Todos los miramos como ellos nos miraron a nosotros, extrañados al ver a una niña entre nosotros, era el momento de comenzar a dar explicaciones al respecto, aunque claro, lo peor sería para mí contra ese sujeto del niño… ahora mi hermana también tenía a cargo una pequeña y no podría dejarla morir si mi hermana no quería.

         ¿Quién es ella? – preguntó Stu.
         Es una niña que encontramos en un edifico anoche – sonrió Connor.
         ¿Edificio? ¿No era que había salido en busca de armas y comida? – frunció el seño otro.
         La encontramos en un edificio camino al supermercado – frunció el seño Nixie.
         Calma todos, por favor, alistémonos y larguémonos de aquí ¿si? – dije molesta e irónica.
         ¿A dónde iremos? – preguntaron varios.

Y ese era otro problema, debíamos ira New York para tomar un barco e irnos a Europa, esa era la teoría de Charlie para sobrevivir, se suponía que en Europa todo estaría bien, ¿y si no? ¿Y si todo el mundo ya estaba infectado?
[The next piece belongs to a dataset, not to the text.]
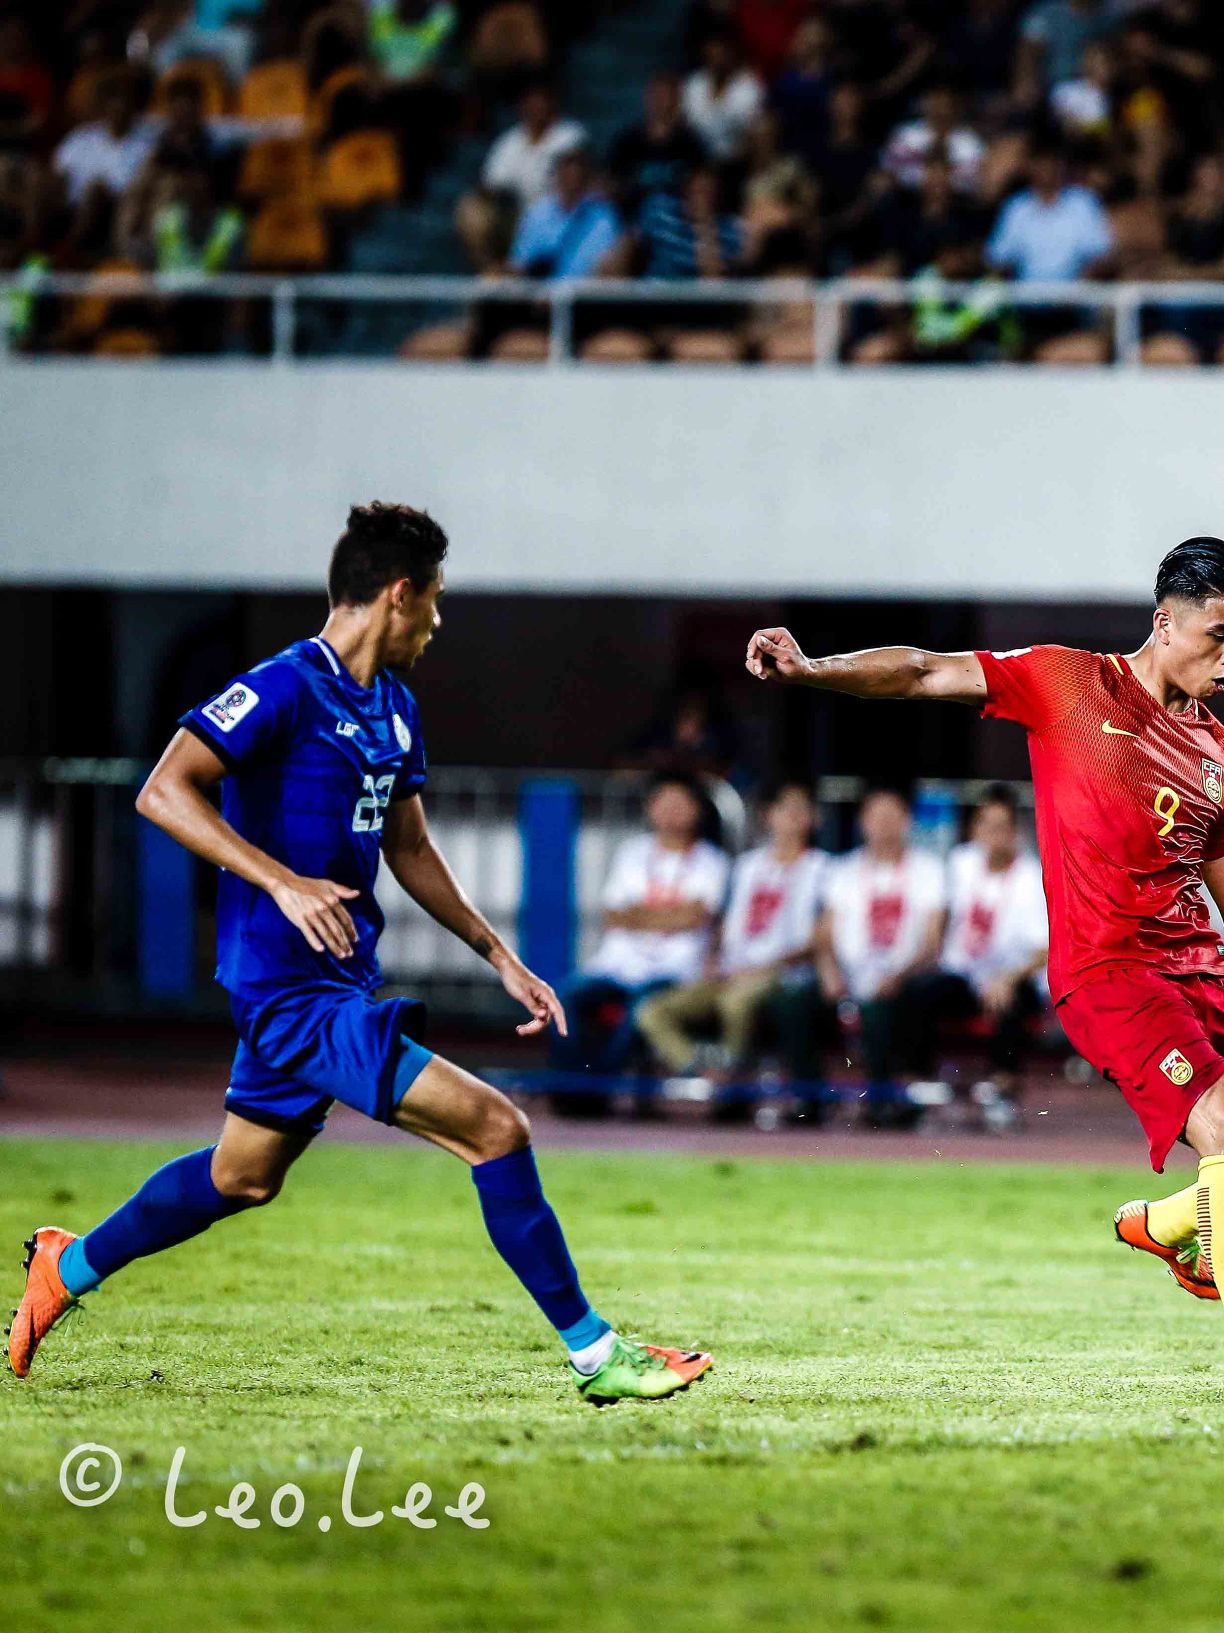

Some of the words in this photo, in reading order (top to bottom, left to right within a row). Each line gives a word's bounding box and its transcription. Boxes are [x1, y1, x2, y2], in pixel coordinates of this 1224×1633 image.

[1203, 761, 1221, 775] CFA
[352, 774, 395, 832] 22
[1154, 787, 1180, 836] 9
No teníamos idea a donde debíamos ir… nada era seguro. Todos miraron a Connor, luego a mí y luego a Nixie, más que mal ella los había traído hasta aquí.

            –    Hay que ir al puerto de New York… para… – susurró Nixie.
         No – dijo Connor.

Todos lo miramos atónitos.

         Debemos ir a una estación de radio… debemos comunicarnos con alguien para saber a donde ir, encontraremos una frecuencia desde Europa y así será seguro ir al puerto – levantó sus cejas.
         Es cierto – susurré.
         Bien, entonces… ¿alguien sabe donde hay una estación de radio? – alzó la voz Nixie.
         Yo sé – levantó la mano la anciana del grupo.
         Perfecto… tú nos guiarás entonces…

Lo que nos faltaba, nuestras manos dependían de una anciana. Suspiré histérica, no me gustaba para nada esto. Se abrieron las puertas gracias a las patadas de los hermanos McManus, salimos Nixie y yo atrás de ellos, Subimos a la camioneta de Connor junto con Charlie y la niña, Nixie montó su motocicleta y frente al grupo de vehículos iba el Volkswagen en donde la anciana iba de copiloto, entregándole indicaciones a ese tal Stu.
En cosa de una hora más o menos pudimos avistar aquella estación de radio, de nombre WKJ 915.2, detuvimos los vehículos a unas dos cuadras, porque una cerca nos detenía… y mucho silencio y paz siempre era malo.

         ¿Cómo entraremos? – pregunté.
         Saltaremos la reja
         ¿Y como? No entraremos todos… mejor vayamos solo nosotros – dijo Murphy.
         Mischa… ¿puedes quedarte con la chica? – me miraron ambos.
         ¿Eh? – mi cara se desfiguró.
         Vayan tranquilos, nos quedamos con ella – sonrió Nixie desde la ventana.
         Está bien, vamos – sonrió Connor.

¿Por qué permanecí callada? Algo me estaba pasando y realmente quiero averiguarlo, mi liderazgo se estaba yendo por el excusado, tenía ira retenida, pero mi voz no salía más allá de mi garganta; estaba dejando que ellos hicieran todos cuando en verdad es a mí a quien le gusta disparar y volar cabezas…
Charlie fue con ellos, los demás rodearon la camioneta en la que estaba con esta niña y a la que ingresó Nixie luego que se fueran los chicos.

         Debes calmarte un poco, tus celos de poder no son para nada buenos… si sigues así tendré que golpearte – me miró de reojo.
         Estoy haciendo mi mejor esfuerzo enana – susurré cerrando mis ojos y apoyando mi cabeza contra el asiento.
         Pues pareciera que no – dijo apenada.

“No creas que no eh dado lo mejor de mí, porque siempre que lo hago tú nunca te percatas de ello.”